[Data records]
****************

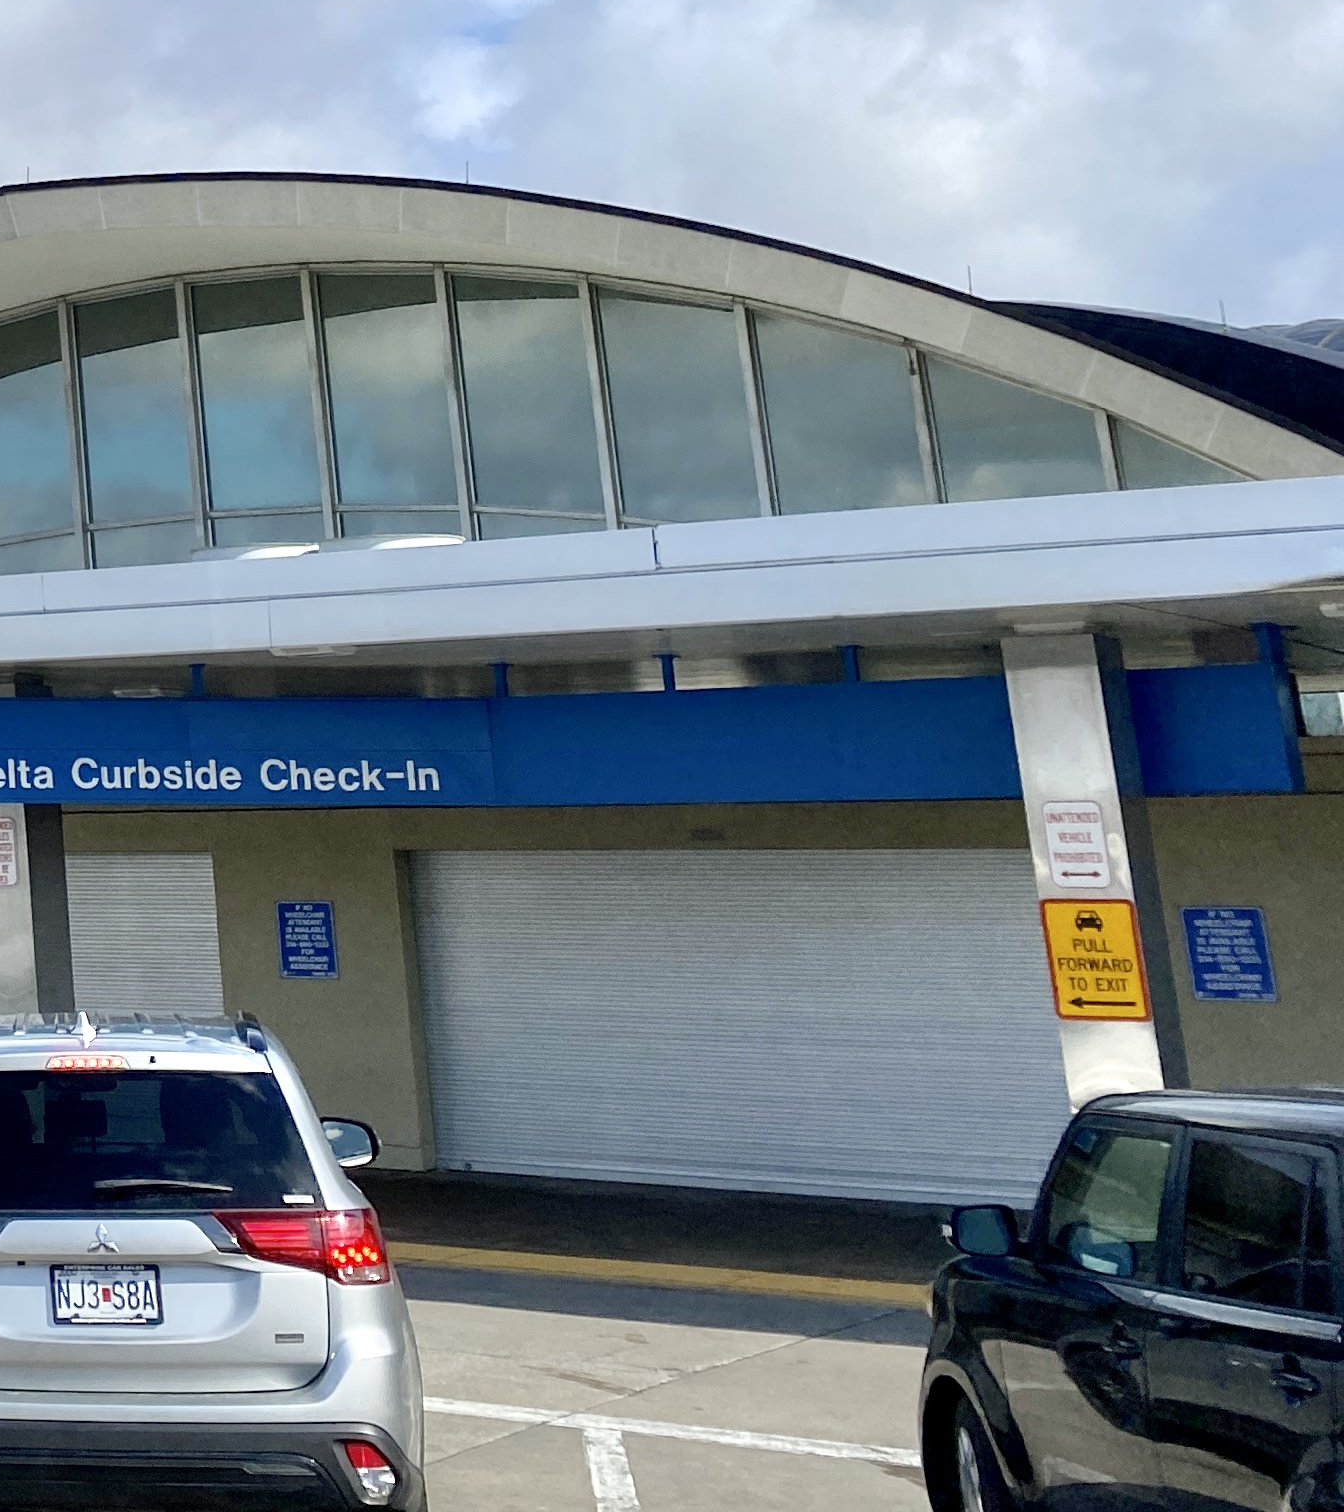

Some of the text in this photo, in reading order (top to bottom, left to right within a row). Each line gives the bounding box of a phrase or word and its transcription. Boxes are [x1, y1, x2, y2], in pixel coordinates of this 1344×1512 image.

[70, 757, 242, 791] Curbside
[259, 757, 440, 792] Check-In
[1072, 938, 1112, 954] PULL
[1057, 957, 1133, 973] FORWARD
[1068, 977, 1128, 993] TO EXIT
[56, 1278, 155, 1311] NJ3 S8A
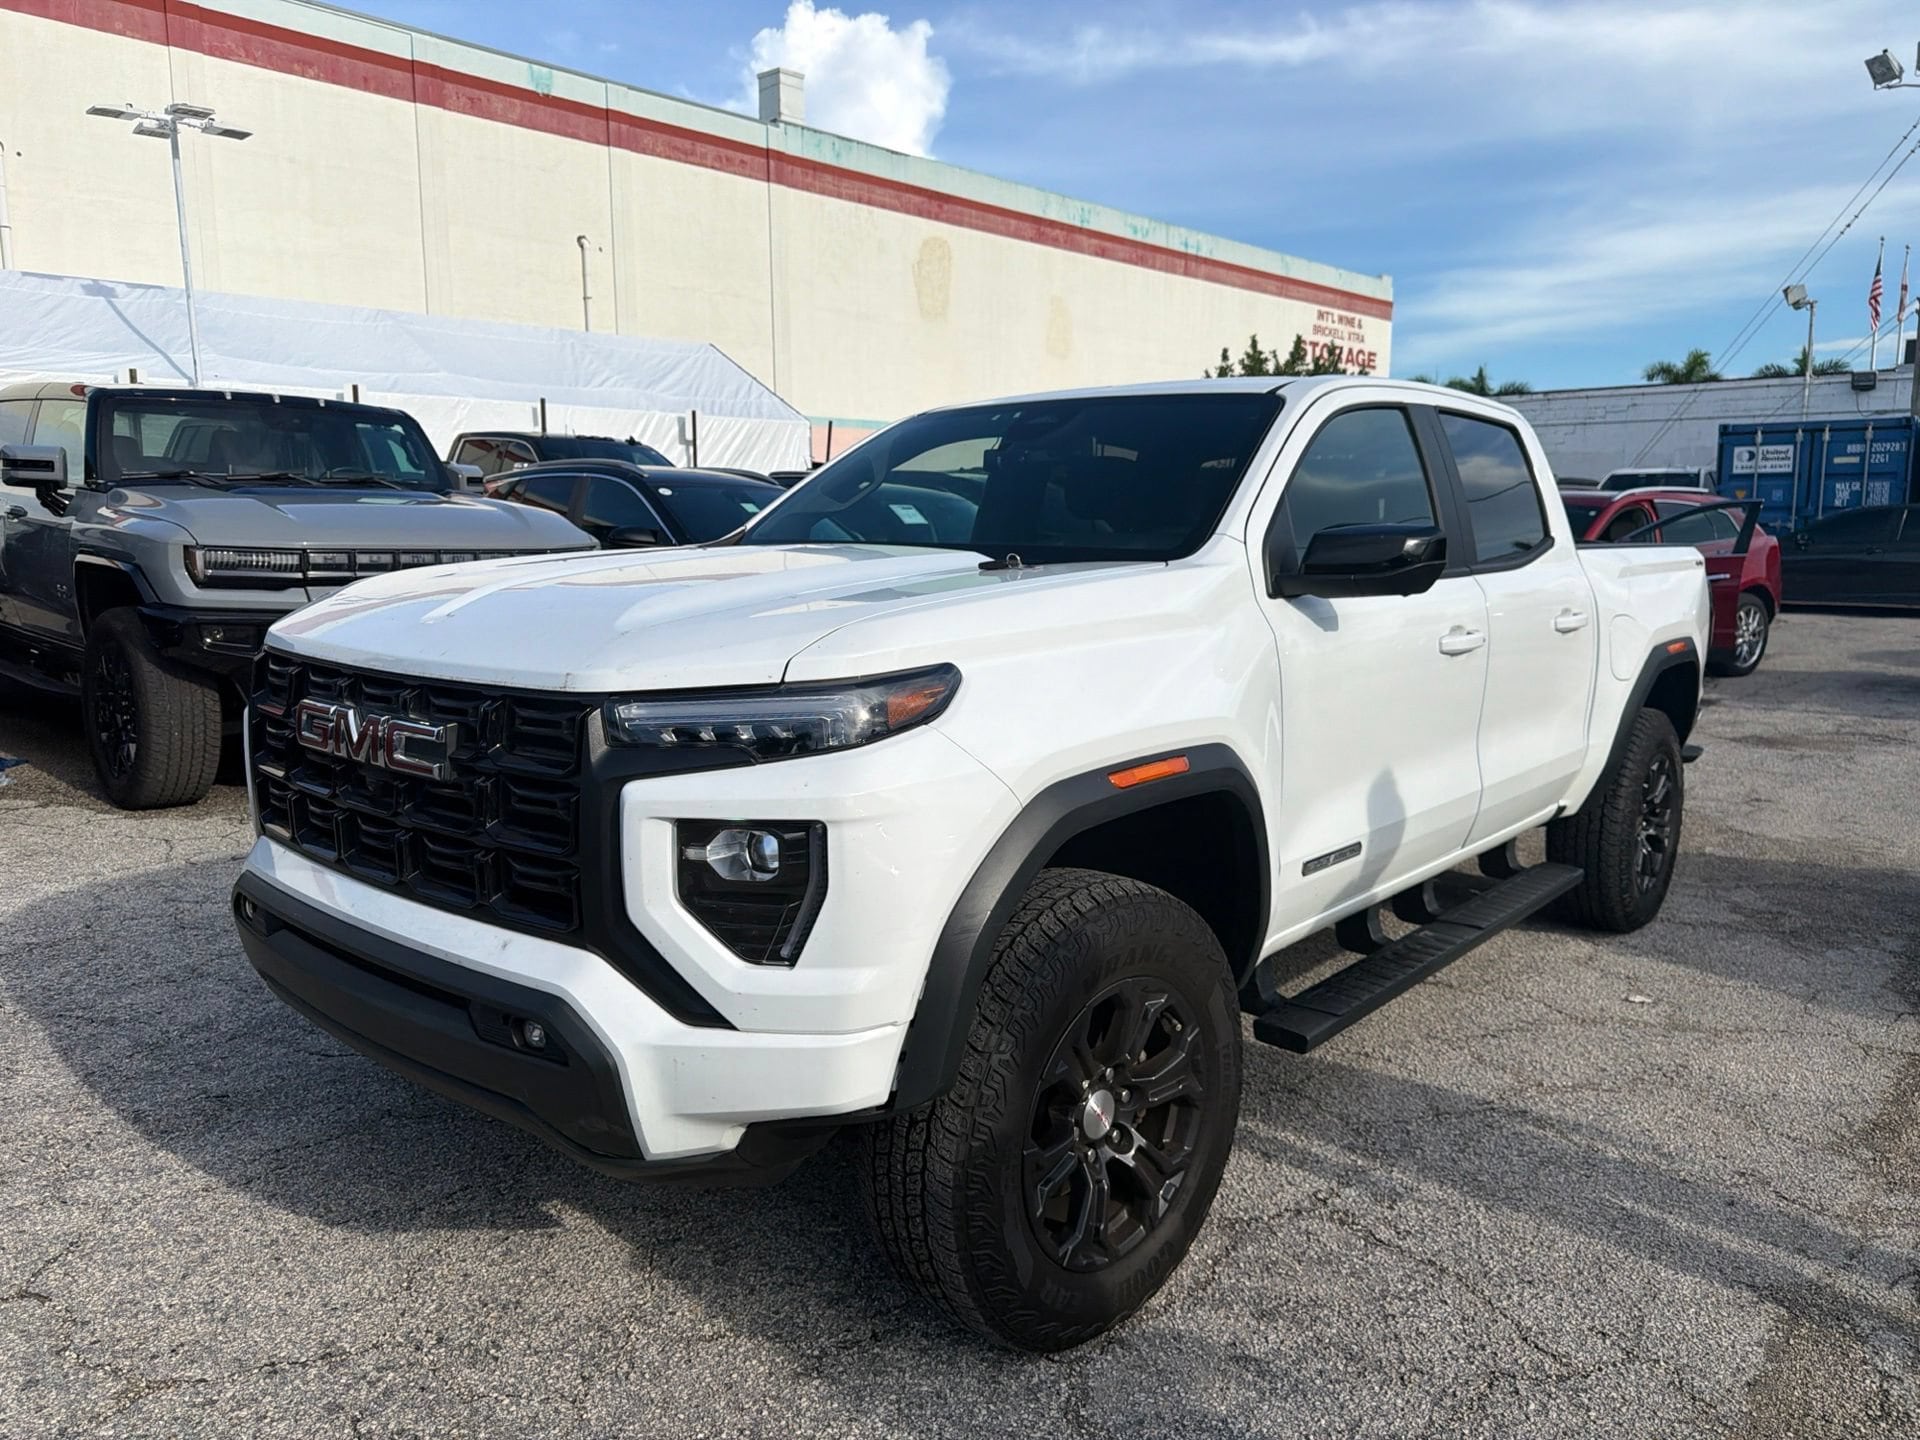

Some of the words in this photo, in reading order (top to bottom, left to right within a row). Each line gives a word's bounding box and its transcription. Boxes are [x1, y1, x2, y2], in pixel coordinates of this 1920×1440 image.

****************

EXERCISE PROMPT = From the first line to the last, retype the data exactly, without images.

ANSWER AREA =
Some of the text in this photo, in reading order (top to bottom, left to right within a row). Each line gives the bounding box of a phrase or word and its transcription. Boxes are [x1, y1, x2, y2], in pixel coordinates of this 1344×1512 image.

[70, 757, 242, 791] Curbside
[259, 757, 440, 792] Check-In
[1072, 938, 1112, 954] PULL
[1057, 957, 1133, 973] FORWARD
[1068, 977, 1128, 993] TO EXIT
[56, 1278, 155, 1311] NJ3 S8A

Some of the words in this photo, in reading order (top to bottom, left to right within a row). Each line gives a word's bounding box and its transcription. Boxes are [x1, y1, x2, y2], in pixel coordinates of this 1920×1440 image.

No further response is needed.